I would like to speak to you on how more and more
Chinese Christians, and I as one of them, have come to think of God as
Love, as the only possible way to think of God at all. Perhaps I do not
need to say that what I have to tell you is not so much for the
instruction of Philippine Christians as a report to you on how we in China
are trying to help our constituencies to grow into a more mature
spirituality with a vision of God intellectually honest, spiritually
edifying and morally challenging.
Let me begin by telling you something about myself. I was
born into a family in which the grandfather on my mother’s side was an
Anglican priest. I received the larger part of my formal education in
China. My career in the church can be simply divided into two periods. The
first period was in working among students through the Student Christian
Movement, first in China, then in Canada and then on the international
scene. The second period has been with theological education and religious
studies in China, centering in Nanjing Theological Seminary and Nanjing
University. Both of these periods are important to me in my theological
formation and reorientation.
I would like to help you to see right away where I
stand on your theological map. After the great social and political
turmoil, called the Cultural Revolution, which cut off my theological and
intellectual communication with the outside world for over ten years, I
found upon resuming my international contacts three Western schools of
thought most consonant with the fumblings and gropings of Chinese
Christian intellectuals: liberation theology, writings in one way or
another influenced by process philosophy, and the thinking of Teilhard de
Chardin. This you will find understandable given not only the theme of
change passed down from influential ancient Chinese classics, but also the
motif of liberation and all the dynamism and zigzags of change and reform
China has been going through.
My early training made me think of God largely in terms
of his omnipotence, his power, his might, his self-sufficiency, his
self-containment, his changelessness. Yes, in terms of his love too, but
love was not God’s supreme attribute and was often overshadowed by his
righteousness, his severity, his anger, his judgment and his
arbitrariness.
The vicissitudes of all these years have moved me to a
spirituality which affirms Christ’s place in God’s whole creative process
and sees the kind of love embodied in Jesus in the four Gospels as the
nature of God. Love is at the back of God’s whole creative process. Today,
when I say Jesus Christ is the revelation of God, I mainly think of him as
the revealer of God’s love. From struggling with the question of Jesus’
divinity and Godlikeness I have moved to the Christlikeness of God. Love
becomes for me God’s number one attribute.
I am fascinated by what Alfred North Whitehead says towards
the end of his Process and Reality about what he calls the “Galilean
vision” in which God is perceived as a being loving, creating, educating,
persuading and expecting human responses. When the Western world accepted
Christianity, he says, Caesar conquered. Let me quote:
The brief Galilean vision of humility flickered
throughout the ages, uncertainly... But the deeper idolatry of fashioning
God in the image of the Egyptian, Persian and Roman rulers was retained.

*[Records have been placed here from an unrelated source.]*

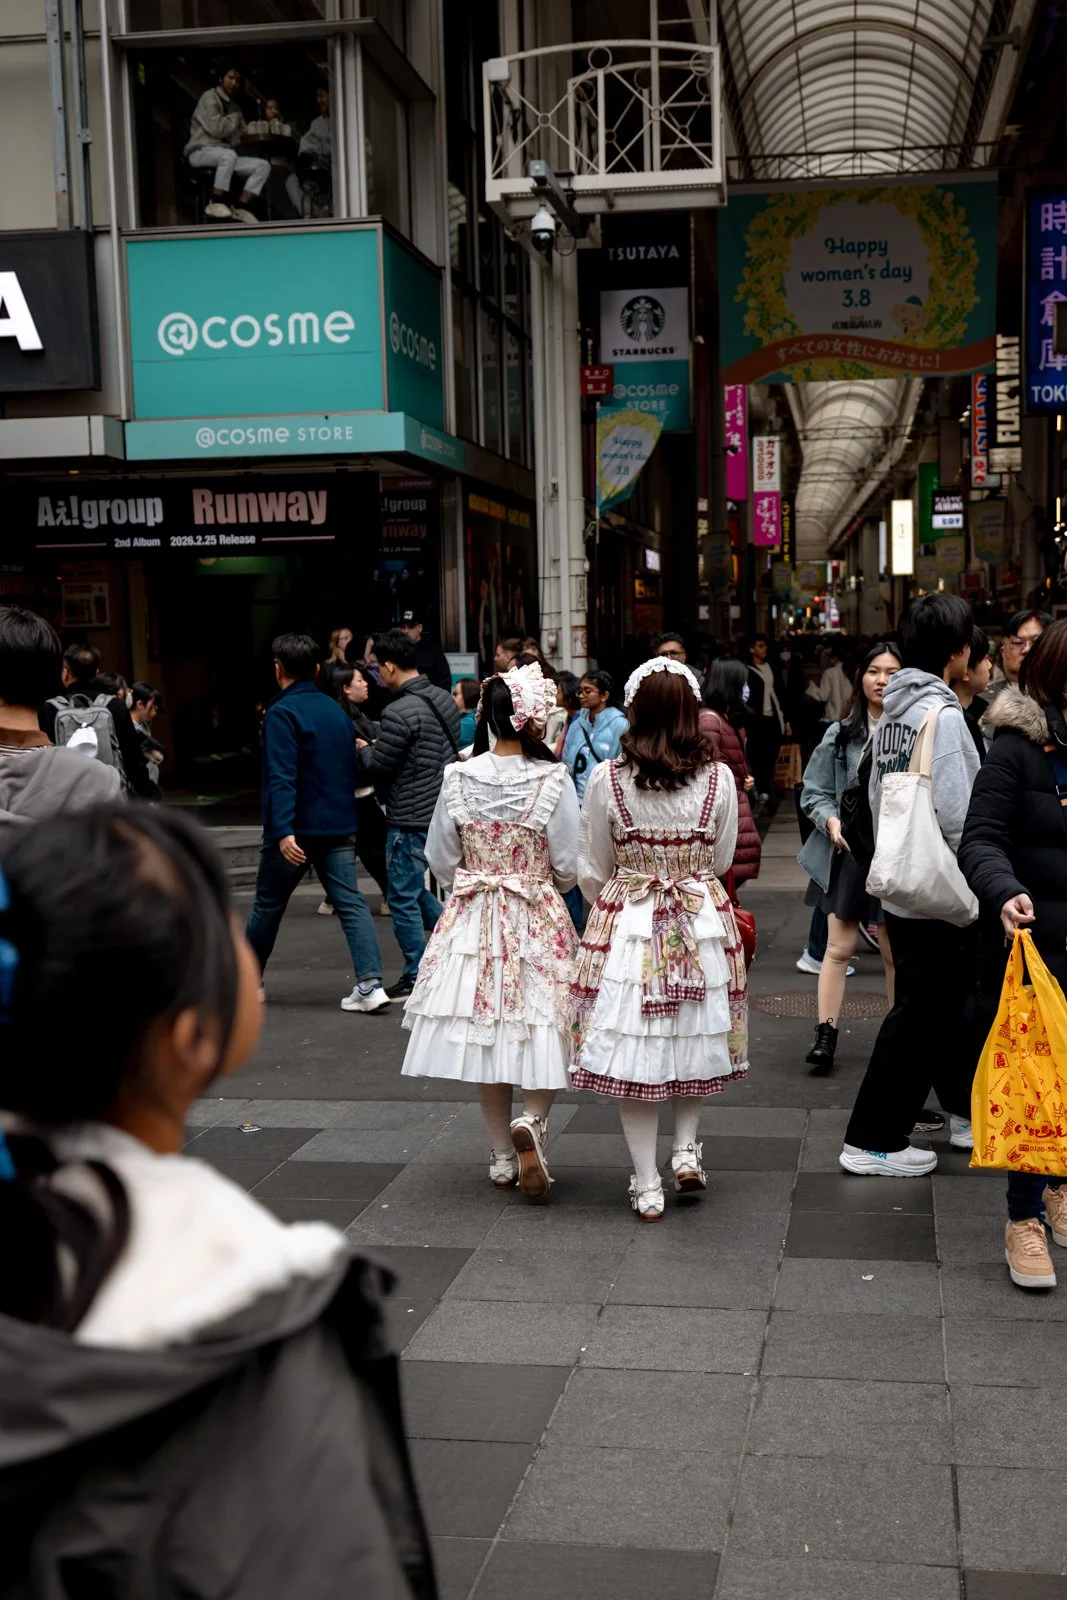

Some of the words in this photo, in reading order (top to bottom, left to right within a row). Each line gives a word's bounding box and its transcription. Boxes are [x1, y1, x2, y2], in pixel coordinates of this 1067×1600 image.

[608, 245, 680, 261] TSUTAYA
[824, 237, 888, 258] Happy
[800, 264, 876, 282] women's
[881, 263, 913, 283] day
[842, 288, 872, 308] 3.8
[157, 310, 355, 355] @cosme
[390, 311, 437, 371] @cosme
[612, 347, 676, 357] STARBUCKS
[995, 333, 1021, 377] HAT
[613, 383, 680, 398] @cosme
[626, 399, 667, 410] STORE
[195, 426, 291, 448] @cosme
[297, 425, 354, 442] STORE
[766, 440, 775, 480] カラオケ
[193, 488, 328, 526] Runway
[114, 538, 131, 548] 2nd
[133, 537, 161, 548] Album
[170, 535, 217, 547] 2026.2.25
[219, 534, 256, 546] Release

The church gave unto God the attributes which be-longed exclusively to
Caesar.
Whitehead laments over the fact that, in so much of
Christianity, God is conceived in terms of “the ruling Caesar, or the
ruthless moralist, or the unmoved mover.” China, of course, has no lack of
our own autocratic rulers in whose image various Chinese religions have
fashioned their God. But it is the all-encompassing love at the heart of
reality, sharing the joys and the sufferings of the created order, and
moving the world towards greater coherence and greater love, that Christ
reveals.
Let me help you locate me in your socio-political map
too. My conviction in God as love and my conviction in socialism as the
path China is to take strengthen each other. Socialism is love organized
for the masses of the people. The collapse of the Soviet Union and Eastern
European state power has had its effect on me, but has not shattered my
conviction that, for China, neither feudalism, nor colonialism, nor
capitalism is acceptable as an alternative to the social system we call
socialism with Chinese characteristics which, in forty years has enabled
twelve hundred million human beings to live more decently and gives us
ground to hope that they can live still more decently by the end of the
century. A longer view of history tells us that socialism is not an
accident or a mishap that can now be erased. Socialism has only had a very
short history. It has no charted course and no model to copy. While I am
quite upset by many of the things done in the name of socialism, I still
think socialism is a good name to describe the road for Chinese society
that avoids the pitfalls of feudalism, colonialism, and capitalism all of
which China has experienced and found disappointing. It is a road that
liberates and develops the country’s productive power to an un-precedented
extent, thus improving the people’s material livelihood, cultural level
and self-respect.
We attach our hope to socialism not so much because we know
exactly in detail what the socialist way is, but because we are fed up by
all the other choices open to us. What is common in these other choices is
the large scale of private ownership of the means of production and the
unfair distribution of wealth, requiring the masses of the people to bear
the cost by enduring endless suffering. People in that state cannot easily
recognize God as love. We look for a corrective to all social systems
which believe that the nastiest of men and women with the nastiest
self-interest will work for the benefit of the masses of the people. What
is called for is a brake to the un-bridled search for private profit. The
failure of the Soviet Union which was just one experiment in social
planning has done nothing to improve the attractiveness of feudalism,
colonialism and capitalism. It is quite unthinkable that China is now to
switch itself away from its socialist path and return to the old ways. I
do believe that, with the gradual rise in economic and educational level,
we can expect an increase of democracy in this socialism with Chinese
characteristics.
Does the advocacy of atheism affect my support of
socialism? No, it does not. I look at both atheists and ourselves as
half-completed products in God’s creative process and that we are all
becoming. There are atheists who are sincerely devoted to efforts to
fashion a more humane society. Their cry against God is really a cry in
favor of humanity. Their atheism is worthy of our sympathy in so far as it
is a rejection of the false notions of God we religious people propagate.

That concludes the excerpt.